Our physical relationship with the sun has implications for even the most fit and healthy people as well. World-class athletes are employing circadian biologists to optimise their physical performance, while NASA and the US Navy are applying this astonishing science to keep astronauts and submariners in peak mental shape during their shifts and help them overcome jet lag more quickly.

And it’s not only sunlight. Increasingly, we’re learning how we can harness the power of artificial light to boost our alertness and physical health rather than undermine it. As we age, our circadian rhythms start to flatten and become less pronounced, so researchers are investigating whether artificial light could be used to supplement daylight in care homes, strengthening these rhythms and alleviating some symptoms of dementia. Hospitals are using circadian-inspired lighting to boost people’s recovery from stroke and other serious illnesses, while some schools are using it to boost pupil’s sleep, daytime alertness and exam grades.

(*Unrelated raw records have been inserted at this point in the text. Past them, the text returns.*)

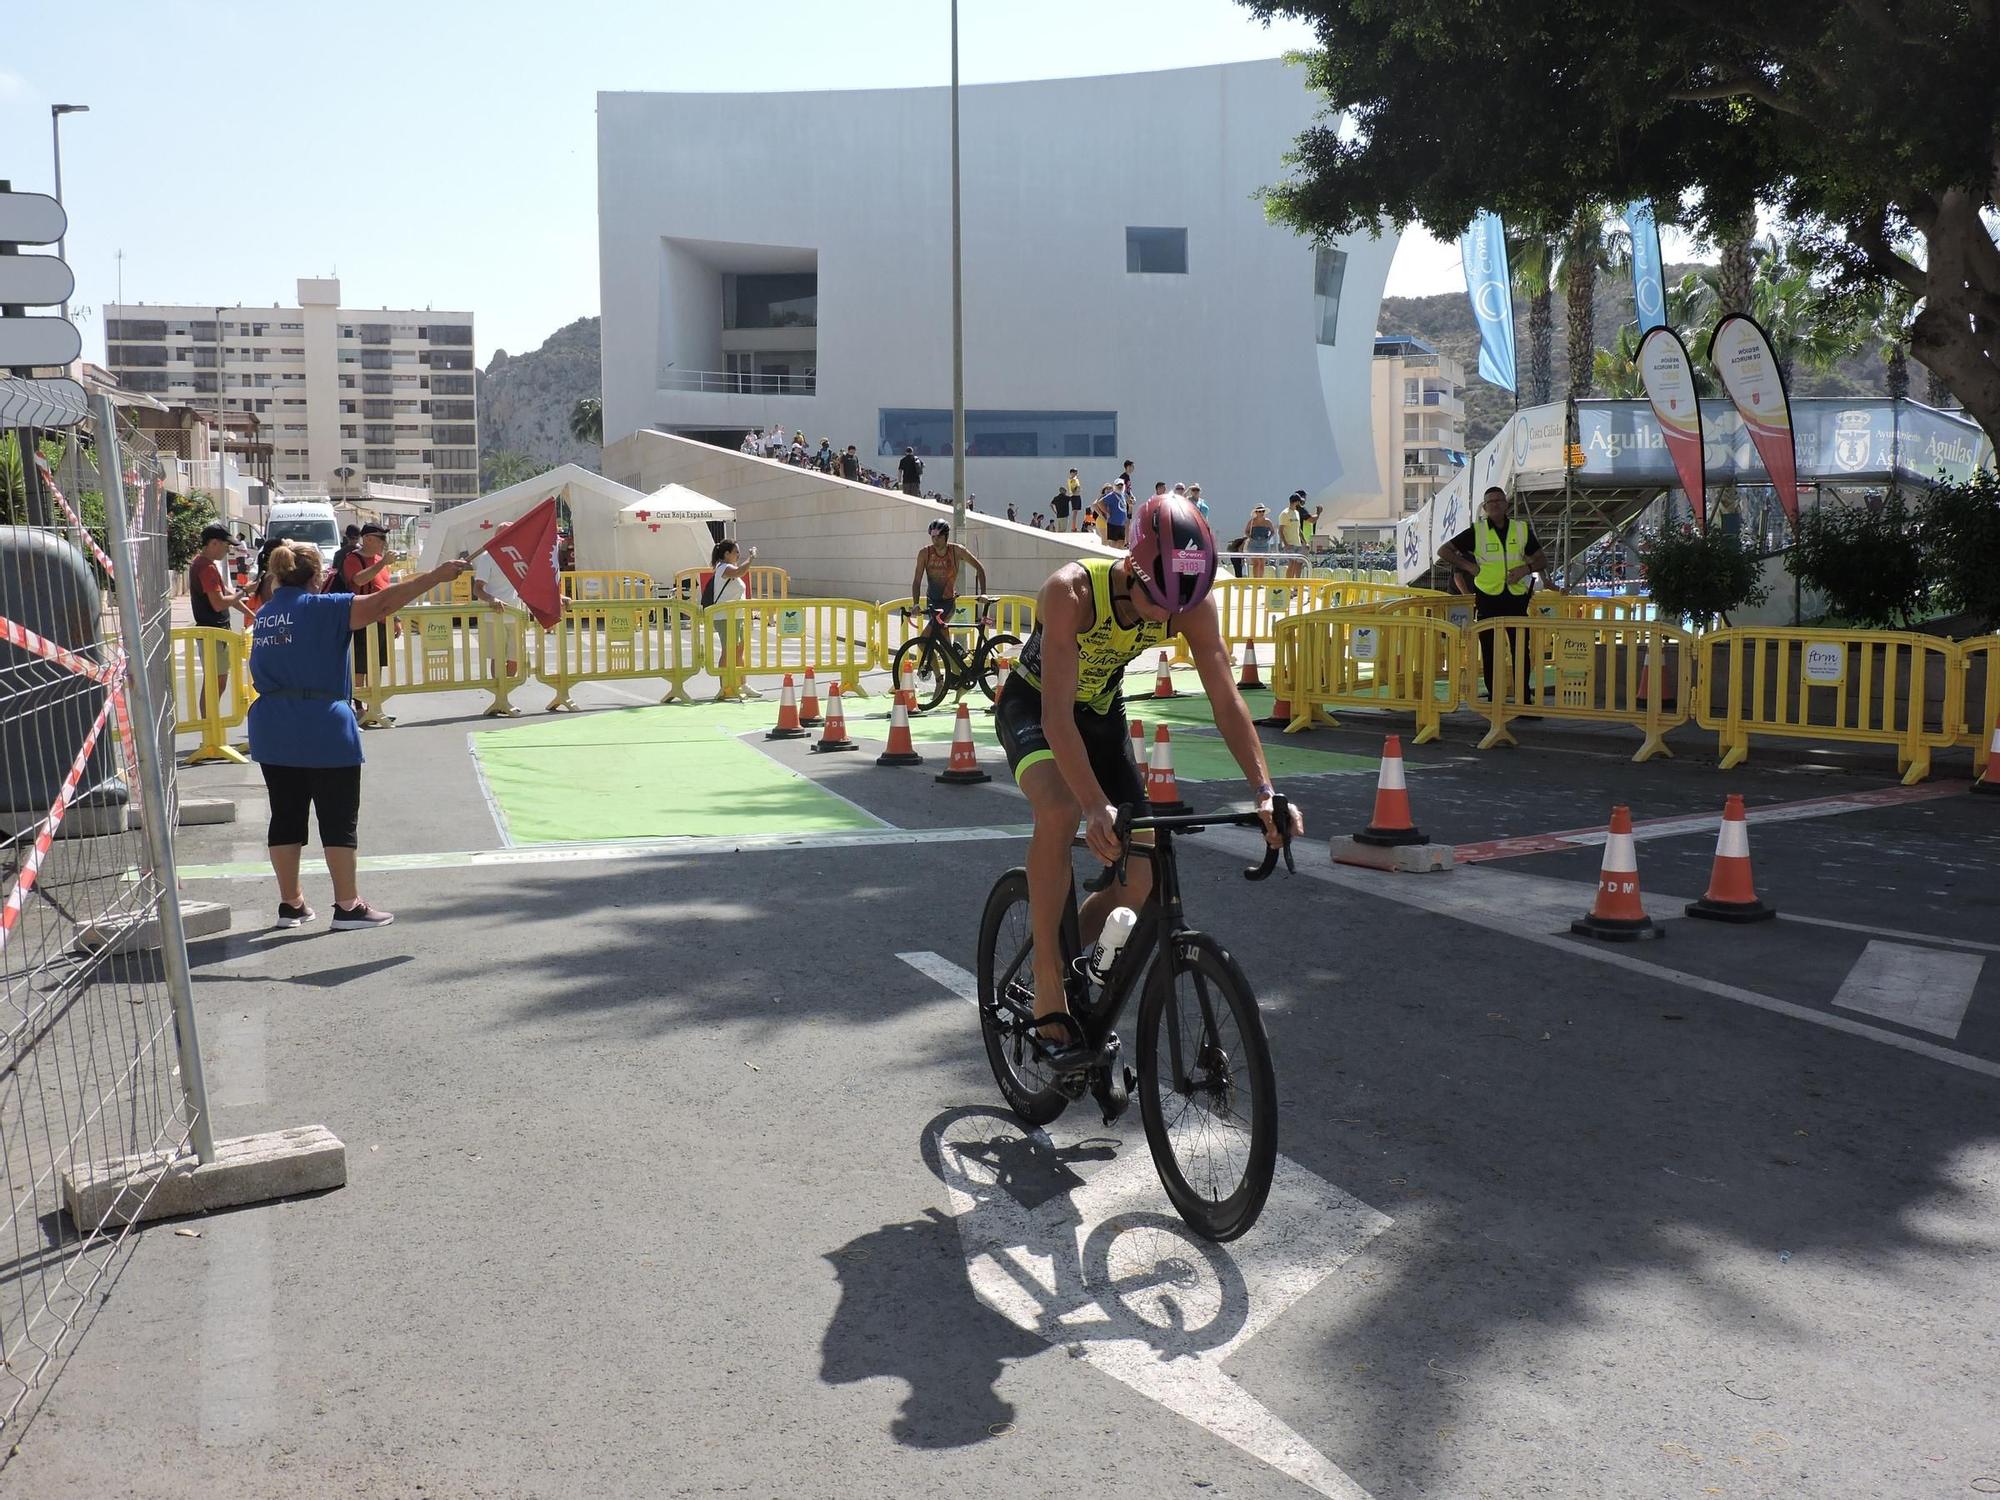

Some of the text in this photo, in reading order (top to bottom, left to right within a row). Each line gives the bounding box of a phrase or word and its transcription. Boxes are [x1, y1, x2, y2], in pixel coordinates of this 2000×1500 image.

[1589, 425, 1668, 458] Águila
[1925, 431, 1973, 466] Águilas
[656, 511, 713, 519] Cruz Roja Española
[1179, 562, 1199, 573] 3103
[1808, 649, 1839, 664] ftrm

A better understanding of our relationship with light could improve multiple aspects of our health, both mental and physical: this book will teach you what you need to know, and what you can do to strengthen your own circadian rhythm, optimise your sleep and performance, and hasten your recovery from jet lag. It will also reveal the other health-promoting properties of sunlight, and how to balance this against its damaging effects.

Forging a healthier relationship with light doesn’t mean we have to ditch our electronic gadgets and return to the dark ages. But we do need to acknowledge that excessive light at night and an absence of bright light during the day is harmful and so take steps to counter it. We evolved on a rotating planet, when day was day and night was night: it’s time to reconnect with those extremes.

* * *

For millennia, then, people have looked at the sun as crucial to our health and seen in its daily and annual cycles a key to understanding the cosmos, yet it is something we seem to ignore or forget about in our modern, daily lives.

Hippocrates would have encouraged us to observe seasonal changes in our mood or energy levels and adjust our behaviour accordingly. However, the relative comfort of our homes and offices, together with the demands of our economic system, encourage us to maintain the same work schedule year-round. We’re also expected to maintain a similar level of sociability. Winter is viewed as a gloomy inconvenience and, rather than getting outside to reap what little daylight there is, we switch the lights on and crank up the central heating instead. This may be detrimental to our mental health: exposure to bright light, particularly during the early morning, is a tried and tested way of combating the winter blues. Similarly, many of us keep the lights and heating on long after the sun has set and spend these already brightened evenings in front of electronic gadgets, which produce yet more light. This may undermine our ability to get a decent night’s sleep.

The ancients were right to put the sun at the centre of their world. Sunlight was essential for the evolution of life on earth, and it continues to influence our health today. But darkness is also important: the natural cycle of night and day that the sun presides over is implicated in everything from our sleep patterns, to our blood pressure, to our lifespans. Denying access to this cycle, as we do when we cosset ourselves indoors and spend our evenings under bright artificial lights, could have far-reaching consequences that we’re only just beginning to grasp.